**TRY IT**
When you transcribe the data below, reproduce every line exactly and leave each picture out.

**RECORDS FOR THIS TASK**
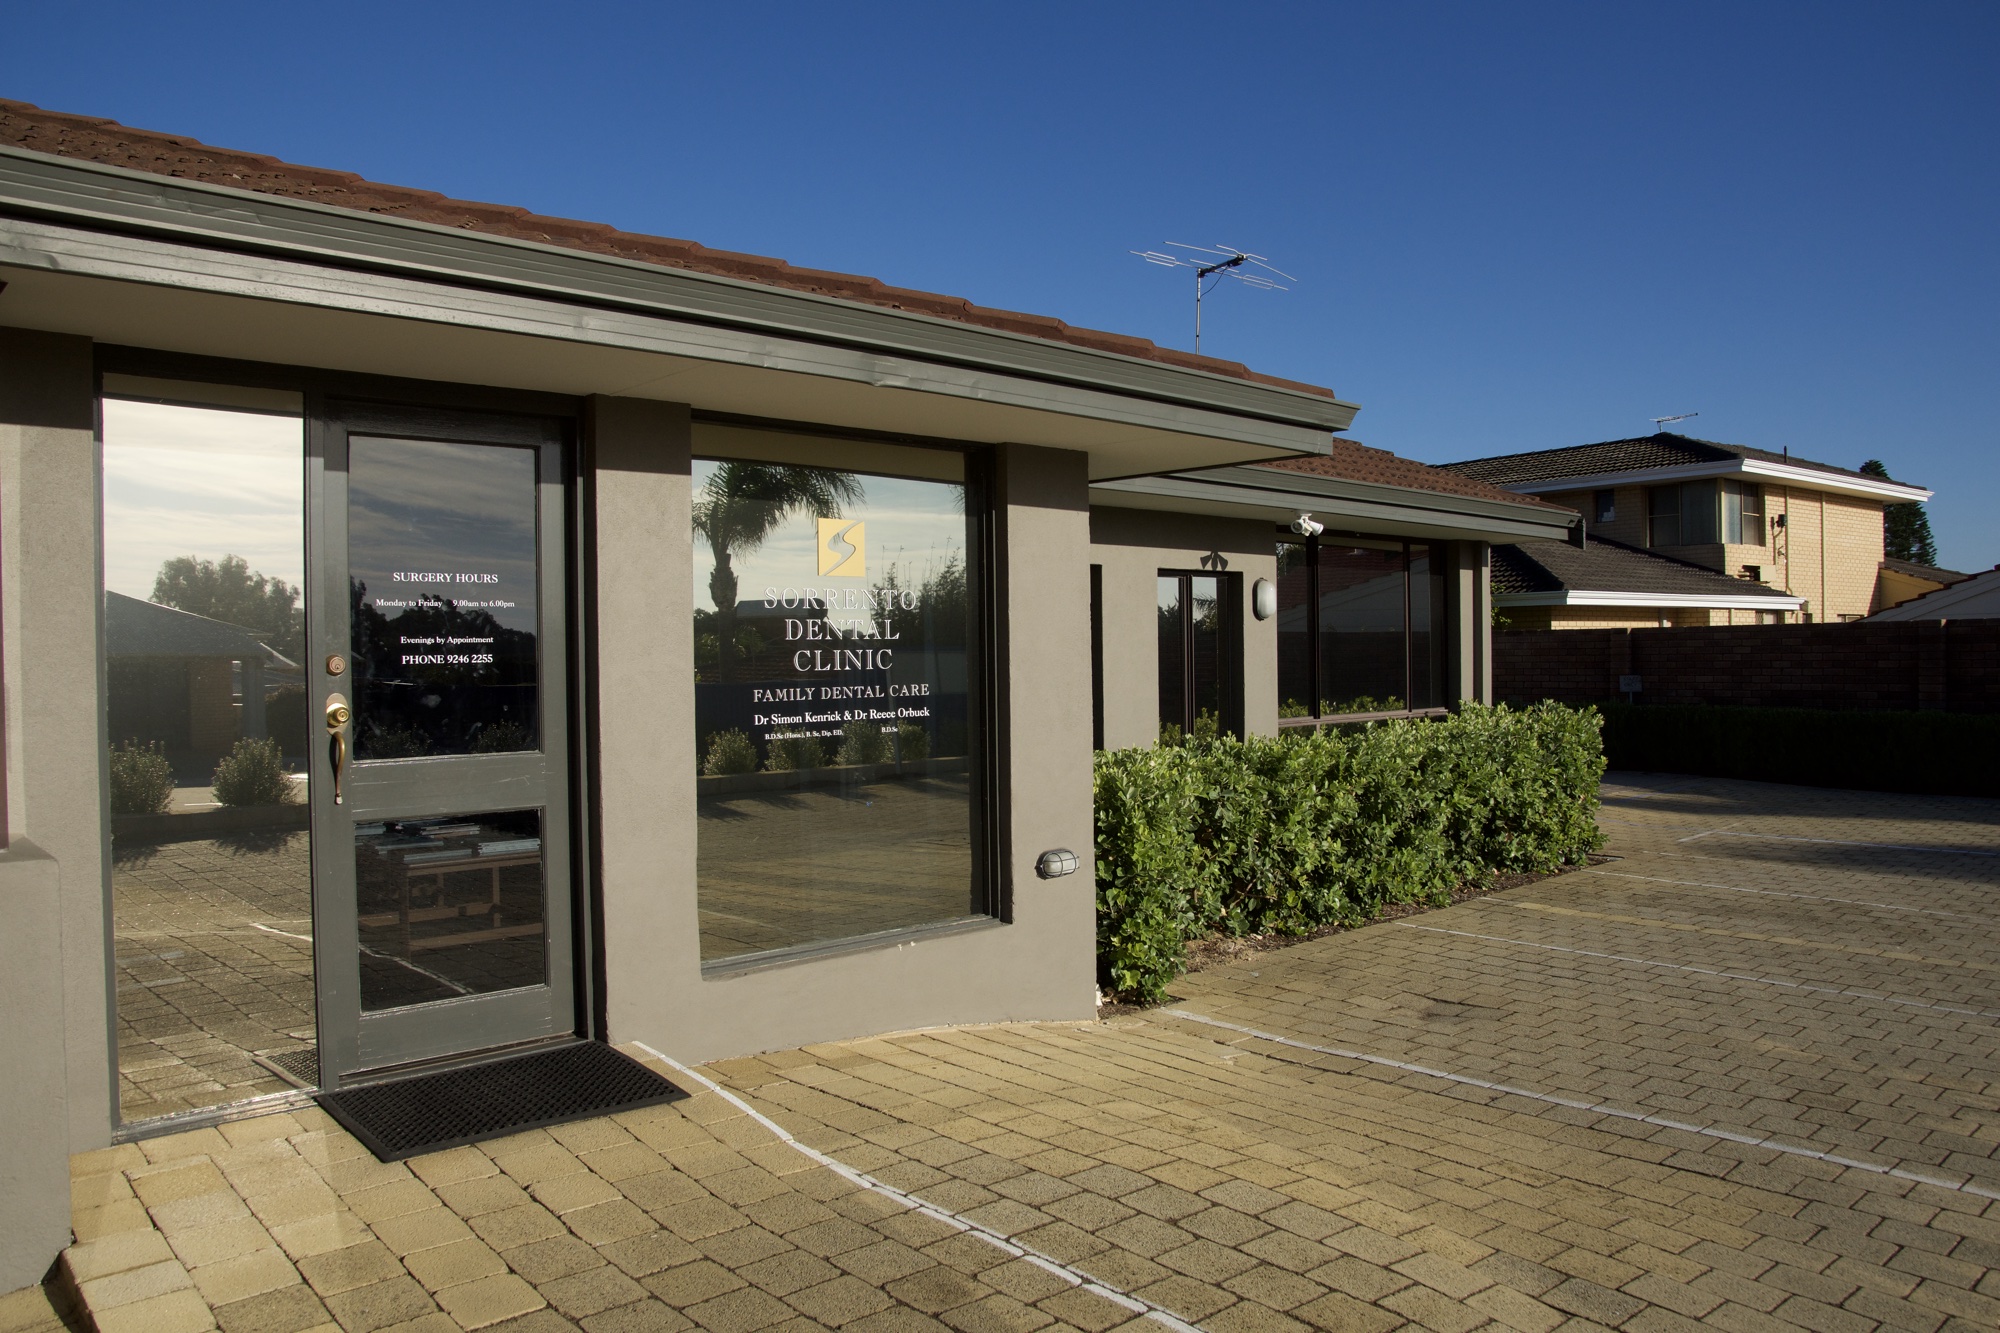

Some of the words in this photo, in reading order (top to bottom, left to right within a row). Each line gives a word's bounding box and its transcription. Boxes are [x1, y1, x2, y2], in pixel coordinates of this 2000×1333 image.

[393, 572, 453, 583] SURGERY
[455, 573, 499, 584] HOURS
[376, 599, 407, 608] Monday
[418, 599, 443, 608] Friday
[489, 600, 515, 609] 6.00pm
[763, 586, 917, 611] SORRENTO
[784, 618, 901, 641] DENTAL
[400, 636, 435, 645] Evenings
[436, 636, 446, 645] by
[446, 636, 494, 645] Appointment
[401, 654, 445, 665] PHONE
[446, 654, 470, 664] 9246
[471, 654, 494, 664] 2255
[793, 648, 894, 672] CLINIC
[753, 687, 816, 703] FAMILY
[821, 685, 885, 700] DENTAL
[889, 683, 930, 697] CARE
[754, 714, 769, 726] Dr
[771, 713, 802, 725] Simon
[804, 711, 841, 723] Kenrick
[843, 710, 852, 721] &
[854, 709, 868, 720] Dr
[869, 708, 896, 720] Reece
[897, 707, 930, 718] Orbuck

**EXERCISE RESULT**
Some of the words in this photo, in reading order (top to bottom, left to right within a row). Each line gives a word's bounding box and its transcription. Boxes are [x1, y1, x2, y2], in pixel coordinates of this 2000×1333 image.

[393, 572, 453, 583] SURGERY
[455, 573, 499, 584] HOURS
[376, 599, 407, 608] Monday
[418, 599, 443, 608] Friday
[489, 600, 515, 609] 6.00pm
[763, 586, 917, 611] SORRENTO
[784, 618, 901, 641] DENTAL
[400, 636, 435, 645] Evenings
[436, 636, 446, 645] by
[446, 636, 494, 645] Appointment
[401, 654, 445, 665] PHONE
[446, 654, 470, 664] 9246
[471, 654, 494, 664] 2255
[793, 648, 894, 672] CLINIC
[753, 687, 816, 703] FAMILY
[821, 685, 885, 700] DENTAL
[889, 683, 930, 697] CARE
[754, 714, 769, 726] Dr
[771, 713, 802, 725] Simon
[804, 711, 841, 723] Kenrick
[843, 710, 852, 721] &
[854, 709, 868, 720] Dr
[869, 708, 896, 720] Reece
[897, 707, 930, 718] Orbuck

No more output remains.